[Image-backed grounding data]
==================================================
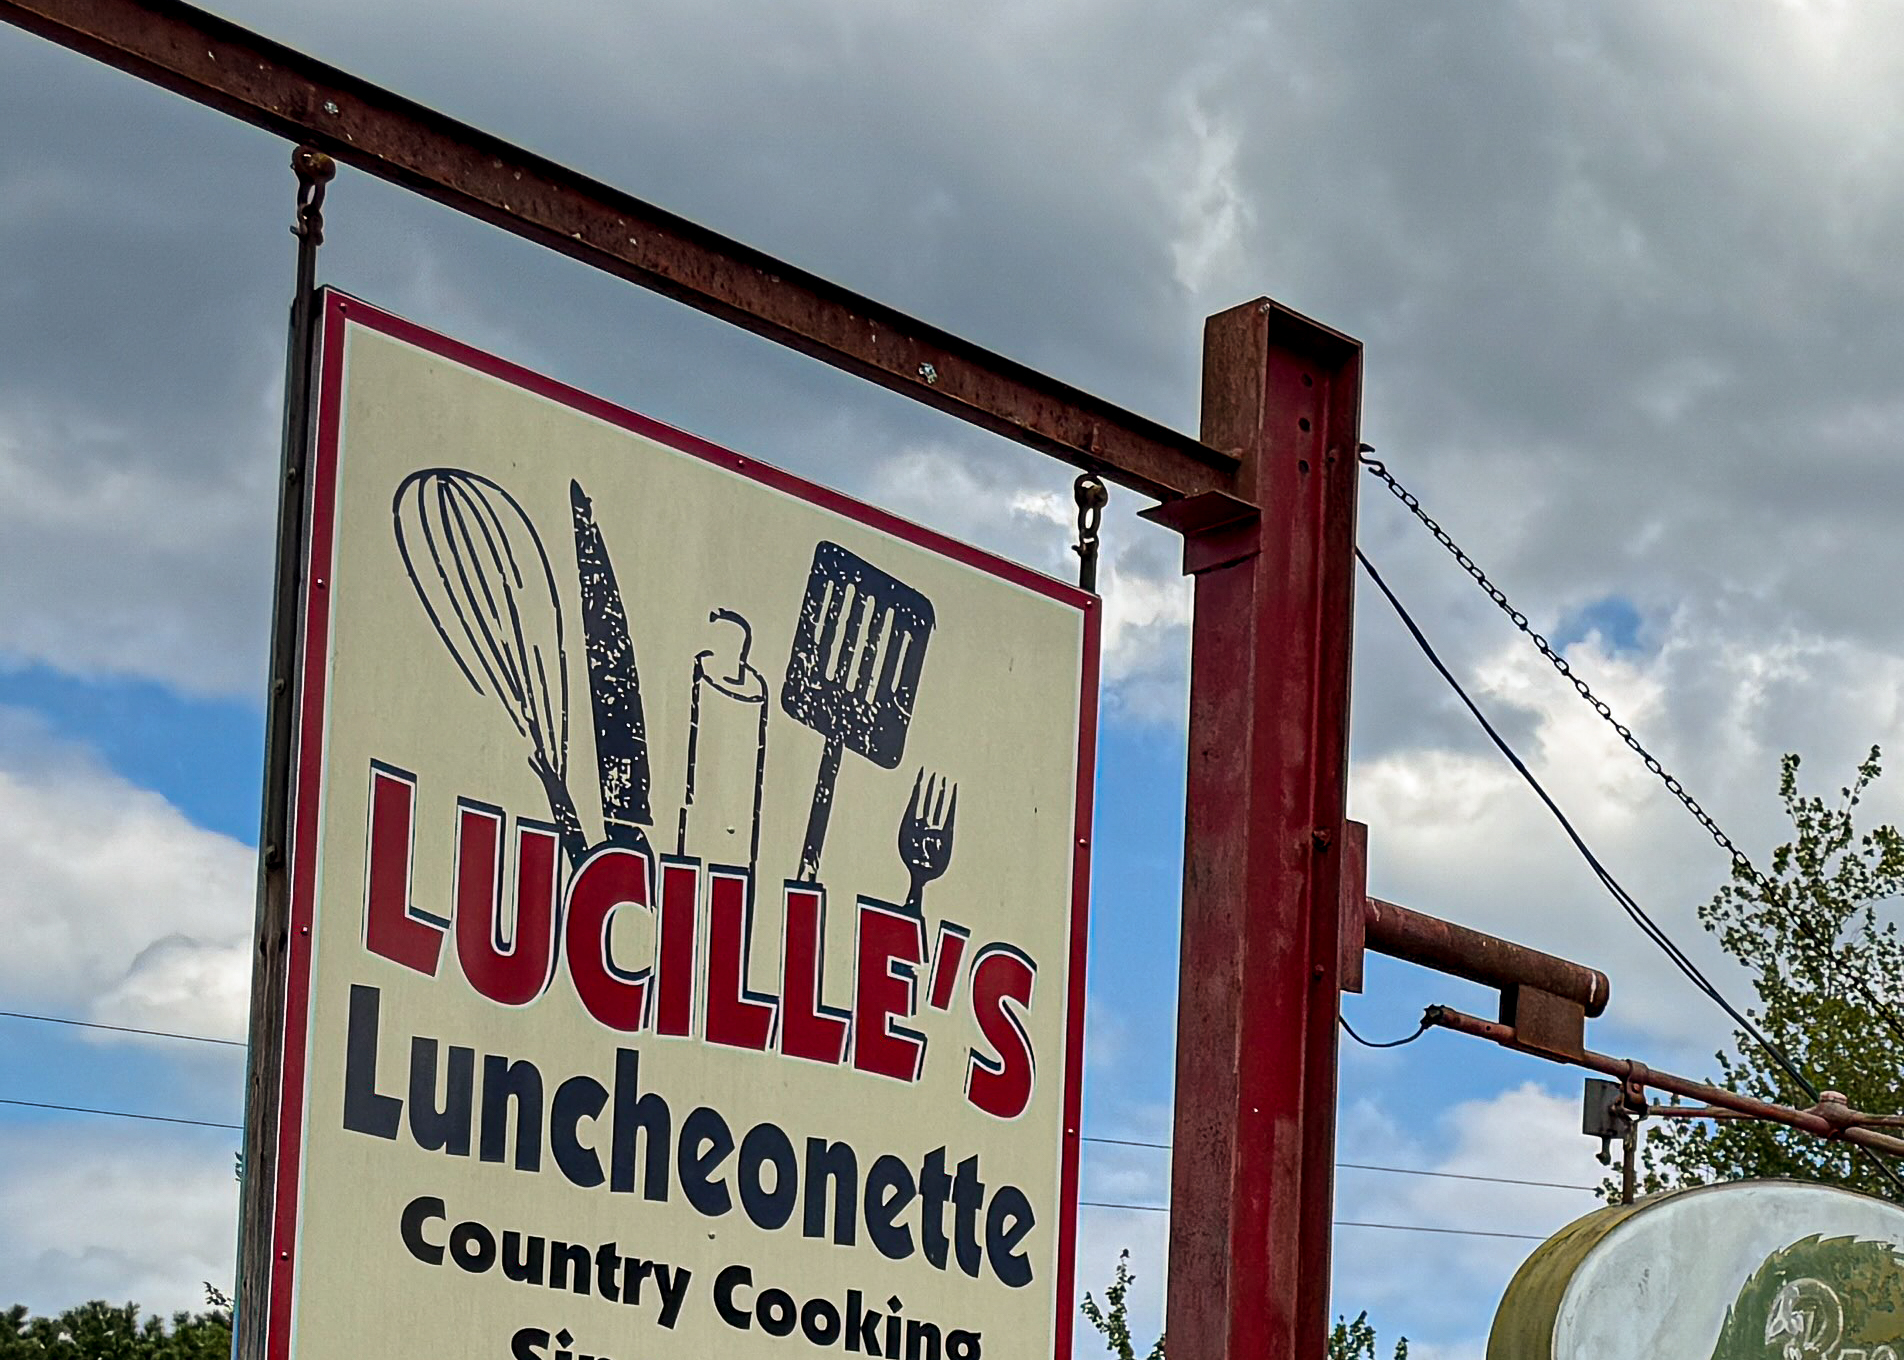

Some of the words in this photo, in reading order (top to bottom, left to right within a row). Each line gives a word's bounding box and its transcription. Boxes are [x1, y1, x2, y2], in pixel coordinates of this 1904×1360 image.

[364, 758, 1037, 1119] LUCILLE'S
[342, 985, 1035, 1289] Luncheonette
[400, 1196, 693, 1330] Country
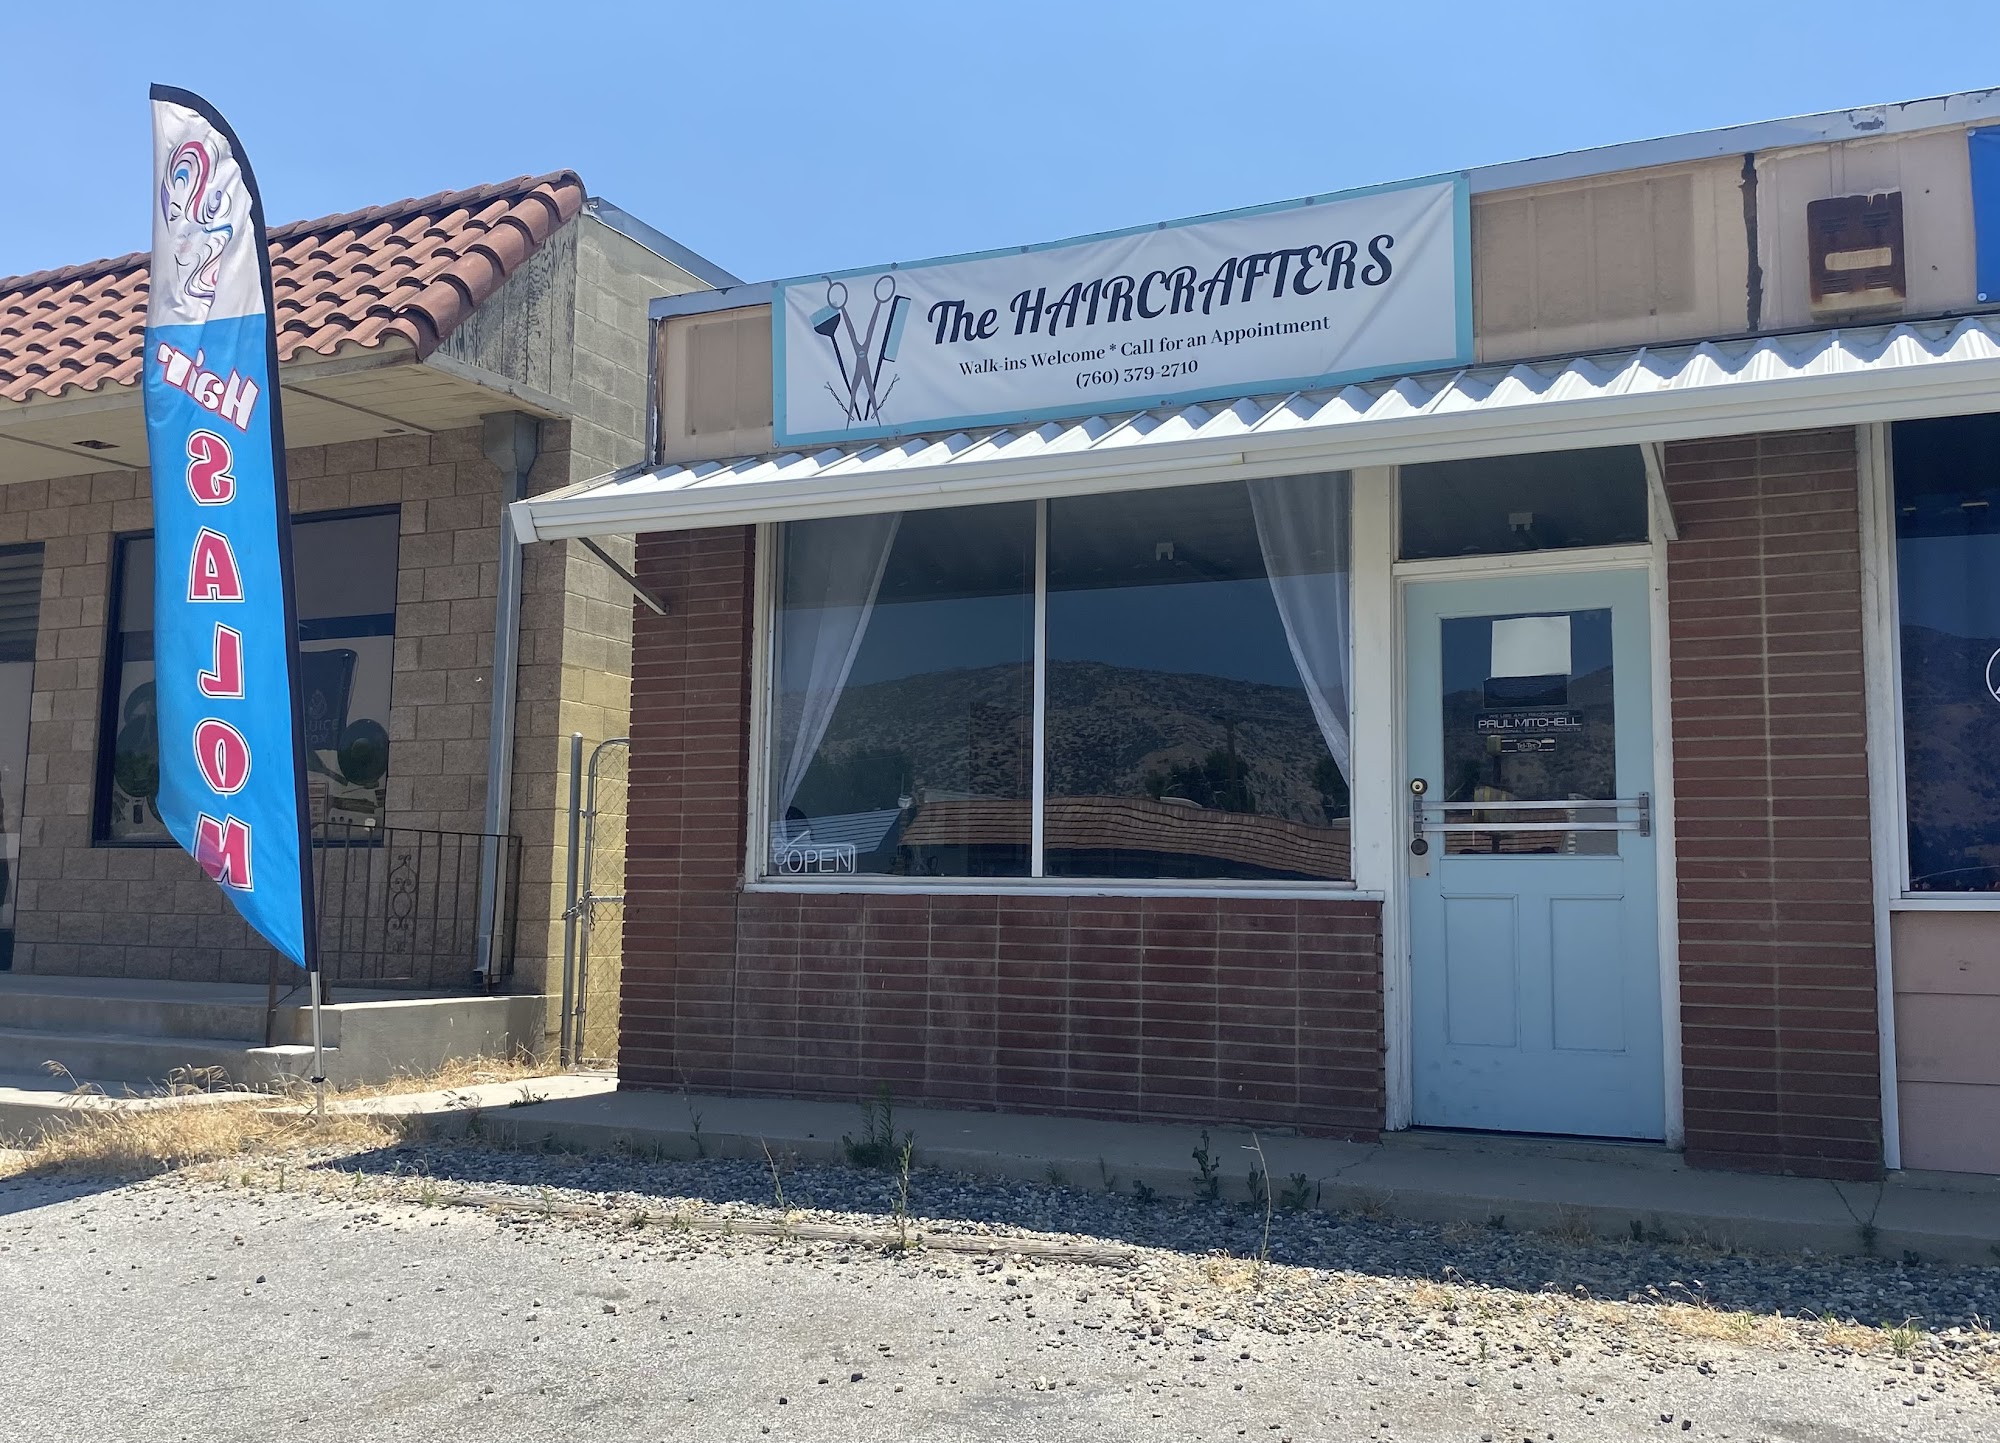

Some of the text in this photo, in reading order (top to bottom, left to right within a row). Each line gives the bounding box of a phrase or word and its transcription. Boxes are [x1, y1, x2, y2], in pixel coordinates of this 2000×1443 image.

[927, 234, 1394, 345] The HAIRCRAFTERS
[959, 358, 1027, 376] Walk-ins
[1030, 349, 1106, 367] Welcome
[1120, 339, 1154, 356] Call
[1159, 337, 1184, 352] for
[1187, 335, 1206, 347] an
[1211, 316, 1331, 345] Appointment
[1076, 360, 1199, 389] (760) 379-2710
[1478, 717, 1583, 729] PAUL MITCHELL
[787, 849, 852, 873] OPEN
==================================================
Aim of the exercise.
With the entries above as the source, set down exactly the lines from the one holding "Some of the text" through the last line, both ends included.

Exercise result.
Some of the text in this photo, in reading order (top to bottom, left to right within a row). Each line gives the bounding box of a phrase or word and its transcription. Boxes are [x1, y1, x2, y2], in pixel coordinates of this 2000×1443 image.

[927, 234, 1394, 345] The HAIRCRAFTERS
[959, 358, 1027, 376] Walk-ins
[1030, 349, 1106, 367] Welcome
[1120, 339, 1154, 356] Call
[1159, 337, 1184, 352] for
[1187, 335, 1206, 347] an
[1211, 316, 1331, 345] Appointment
[1076, 360, 1199, 389] (760) 379-2710
[1478, 717, 1583, 729] PAUL MITCHELL
[787, 849, 852, 873] OPEN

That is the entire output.